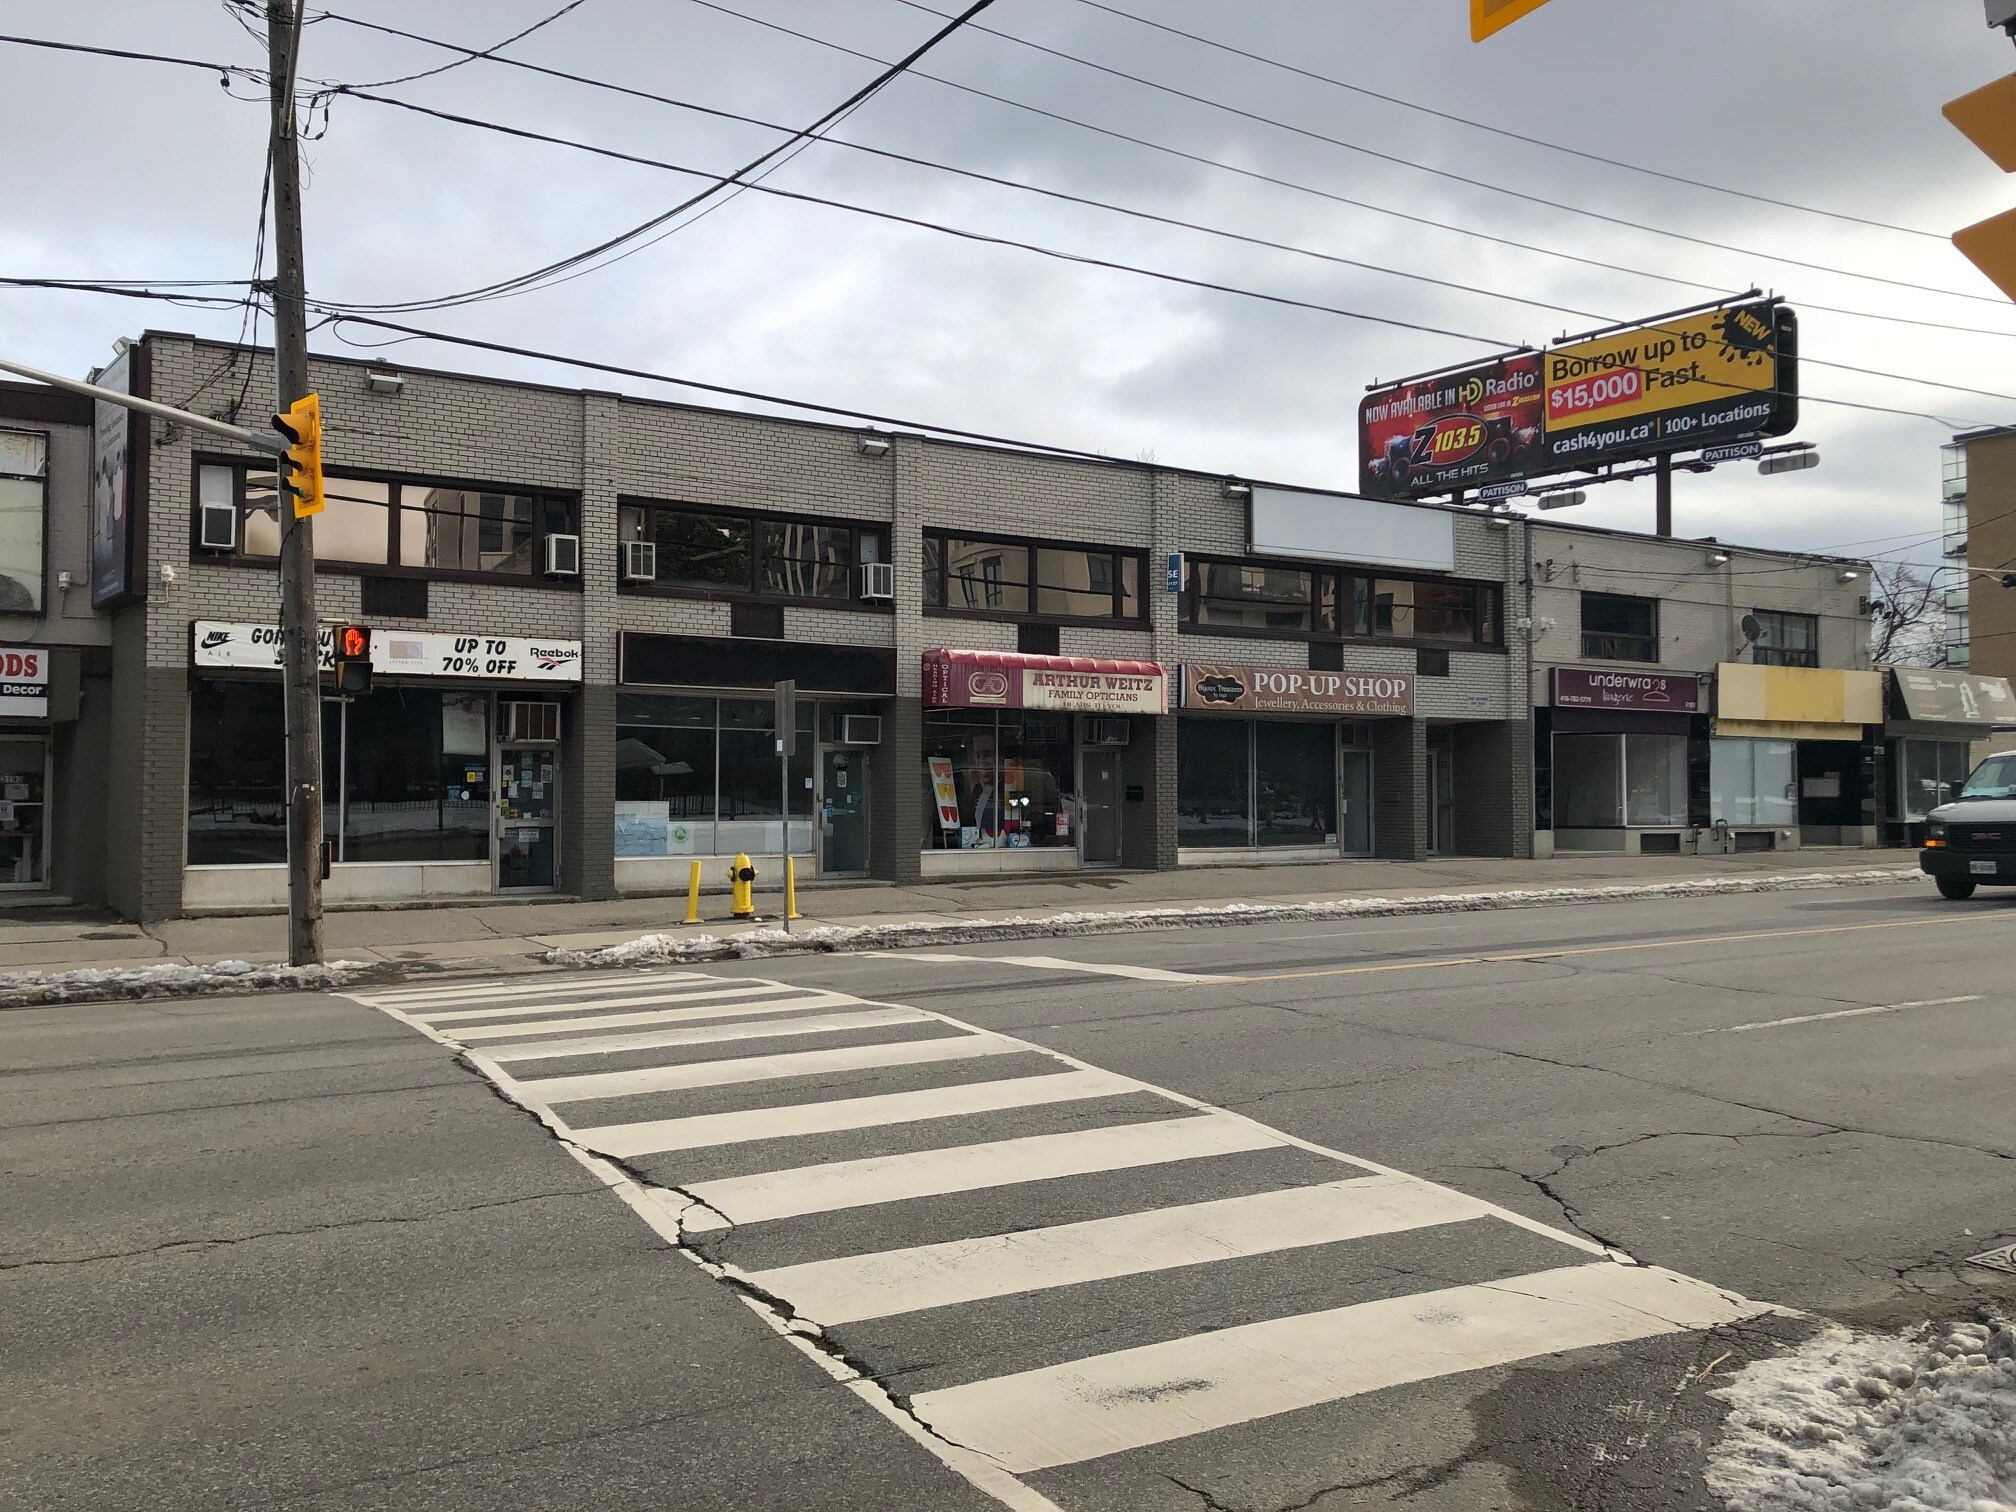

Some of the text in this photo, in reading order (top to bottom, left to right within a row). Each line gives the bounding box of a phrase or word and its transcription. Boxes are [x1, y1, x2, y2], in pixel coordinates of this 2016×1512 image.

[1733, 310, 1773, 341] NEW
[1552, 331, 1707, 382] Borrow up to
[1645, 361, 1706, 392] Fast.
[1551, 371, 1638, 409] $15,000
[1365, 404, 1389, 424] NOW
[1390, 392, 1442, 416] AVAILABLE
[1445, 388, 1456, 405] IN
[1665, 416, 1698, 435] 100+
[1701, 402, 1771, 428] Locations
[1705, 444, 1759, 461] PATTISON
[1410, 463, 1489, 486] ALL THE HITS
[1482, 482, 1525, 498] PATTISON
[206, 631, 231, 642] NIKE
[454, 638, 507, 655] UP TO
[530, 647, 579, 658] Reebok
[442, 657, 517, 674] 70% OFF
[3, 684, 42, 695] Decor
[1032, 674, 1154, 692] ARTHUR WEITZ
[1253, 672, 1406, 699] POP-UP SHOP
[1589, 673, 1667, 690] underwras
[1048, 689, 1139, 702] FAMILY OPTICIANS
[1254, 696, 1406, 715] Jewellery, Accessories & Clothing
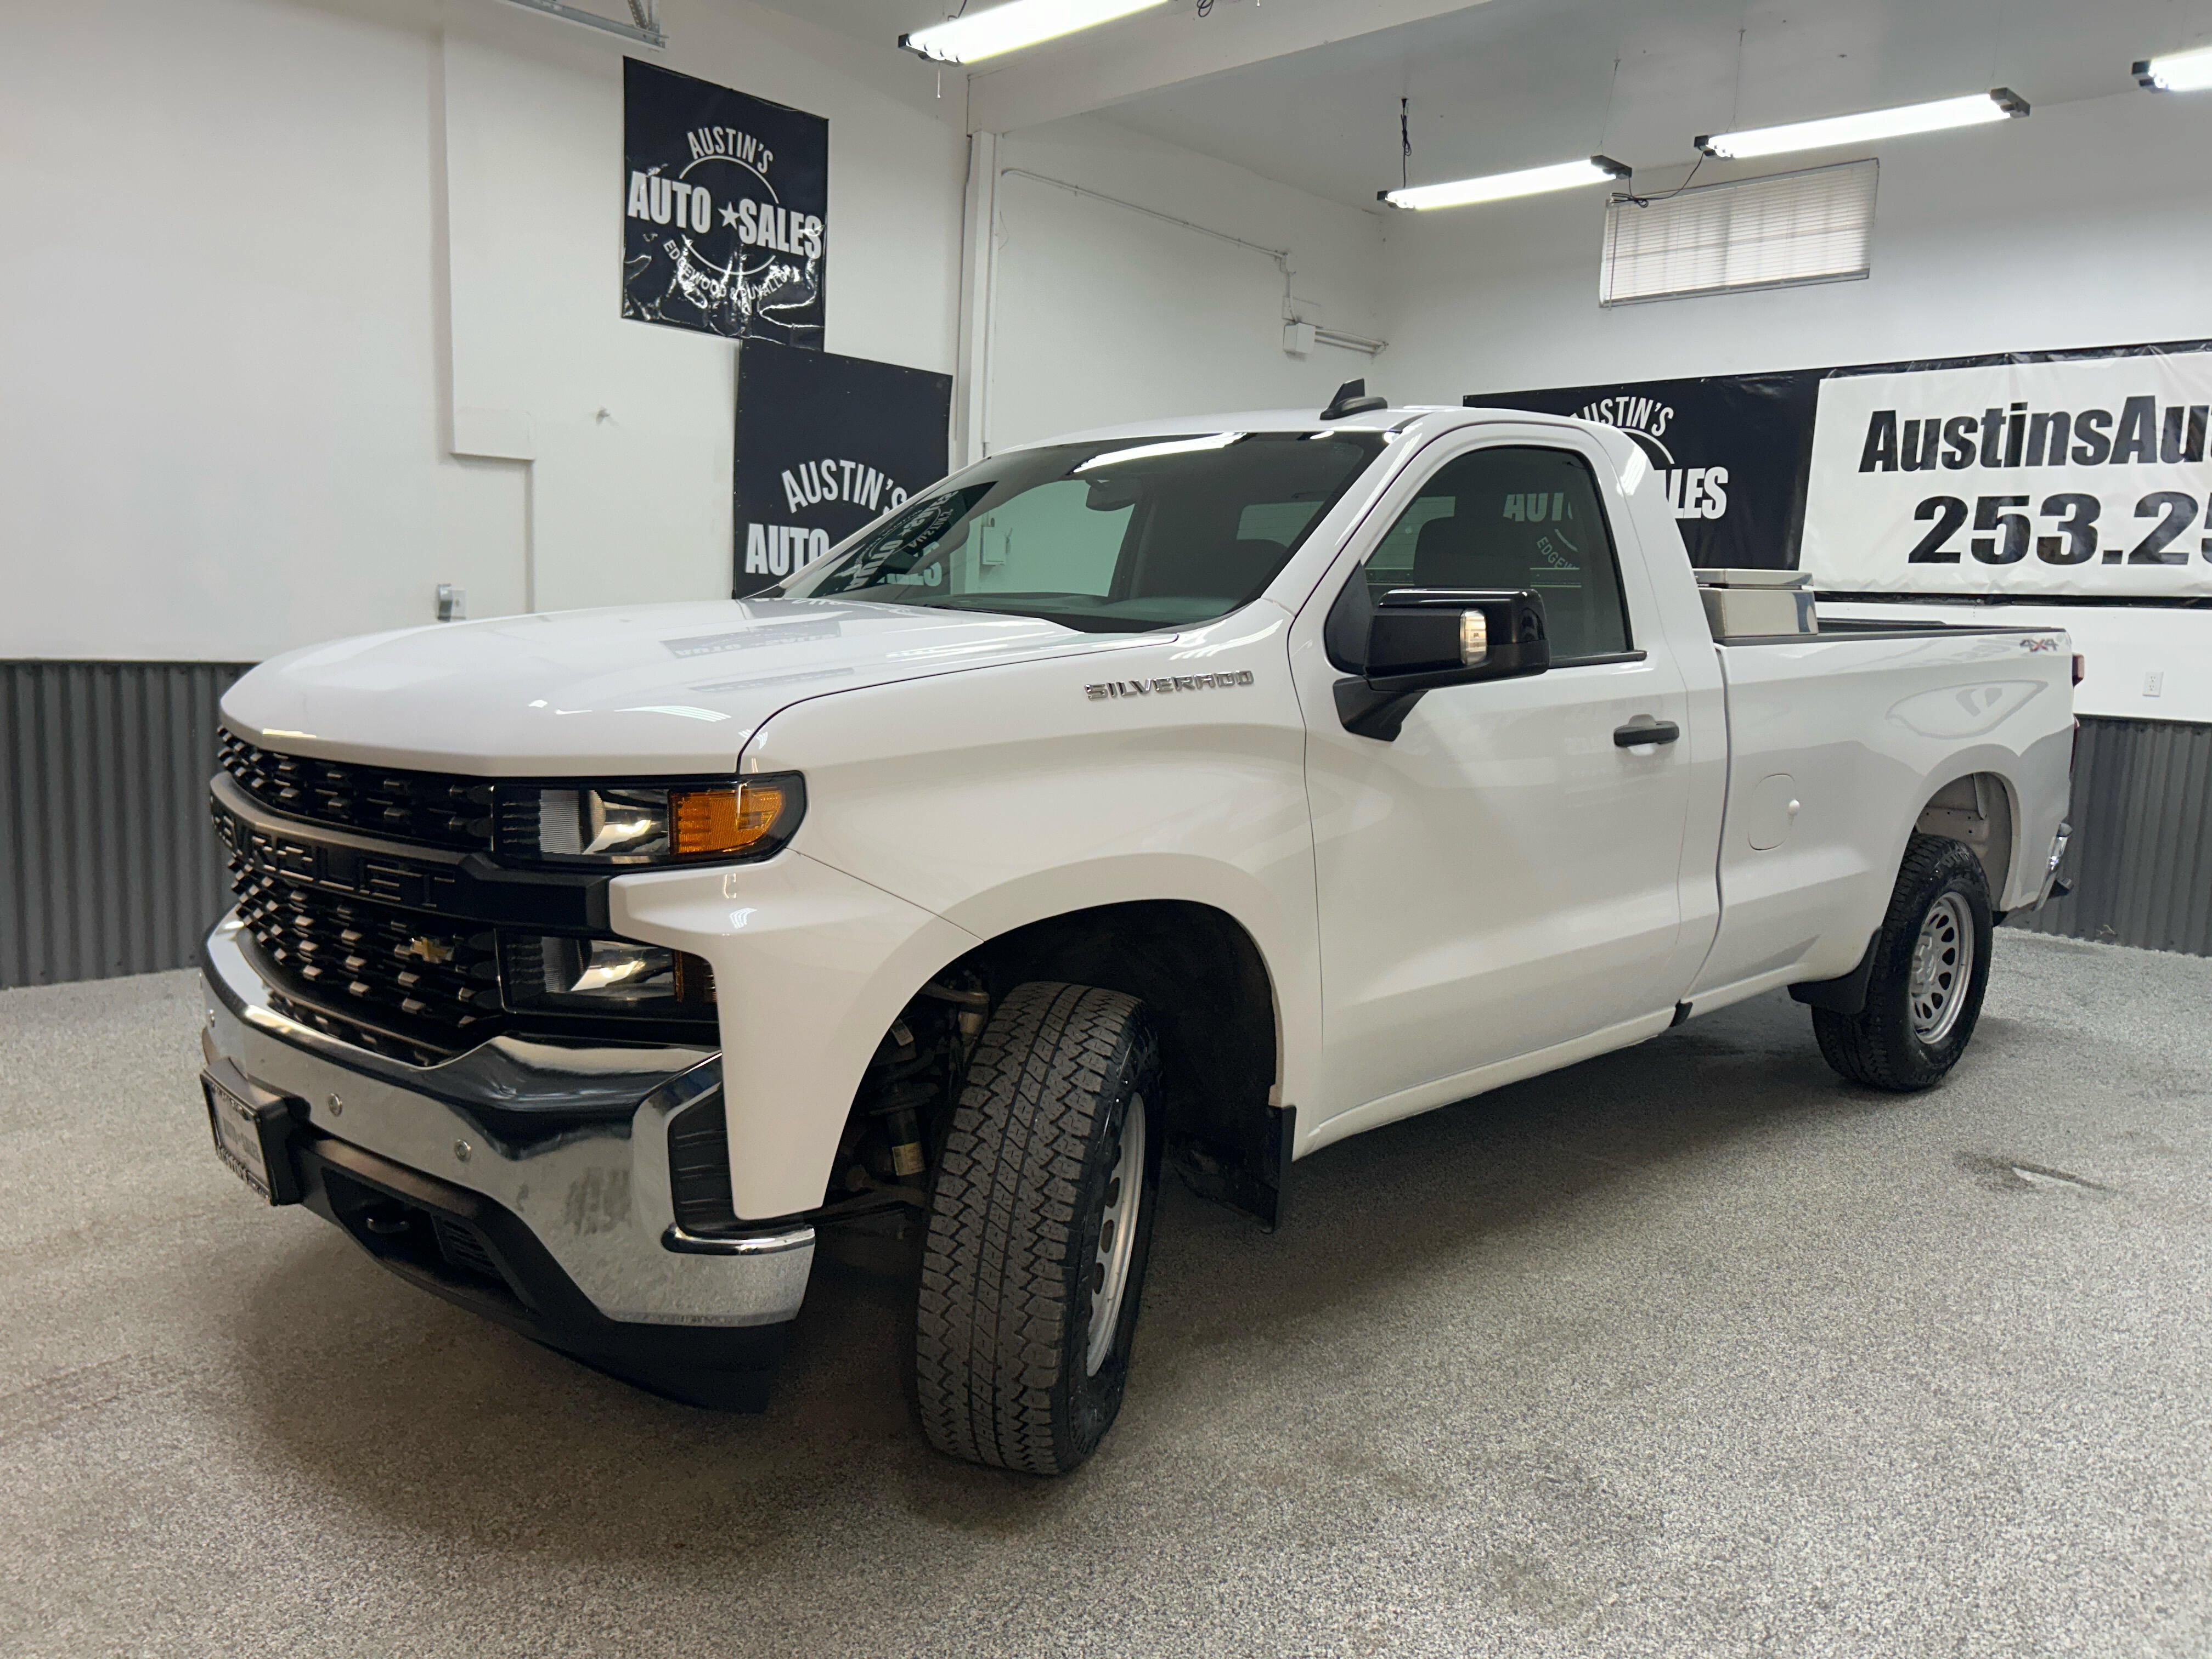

■ Exercise instructions
You are asked to reproduce each line above exactly, but to exclude the pictures.

■ Task solution
Some of the text in this photo, in reading order (top to bottom, left to right within a row). Each line gives the bounding box of a phrase or word and its transcription. Boxes are [x1, y1, x2, y2], in pixel coordinates of this 2016×1512 image.

[1733, 310, 1773, 341] NEW
[1552, 331, 1707, 382] Borrow up to
[1645, 361, 1706, 392] Fast.
[1551, 371, 1638, 409] $15,000
[1365, 404, 1389, 424] NOW
[1390, 392, 1442, 416] AVAILABLE
[1445, 388, 1456, 405] IN
[1665, 416, 1698, 435] 100+
[1701, 402, 1771, 428] Locations
[1705, 444, 1759, 461] PATTISON
[1410, 463, 1489, 486] ALL THE HITS
[1482, 482, 1525, 498] PATTISON
[206, 631, 231, 642] NIKE
[454, 638, 507, 655] UP TO
[530, 647, 579, 658] Reebok
[442, 657, 517, 674] 70% OFF
[3, 684, 42, 695] Decor
[1032, 674, 1154, 692] ARTHUR WEITZ
[1253, 672, 1406, 699] POP-UP SHOP
[1589, 673, 1667, 690] underwras
[1048, 689, 1139, 702] FAMILY OPTICIANS
[1254, 696, 1406, 715] Jewellery, Accessories & Clothing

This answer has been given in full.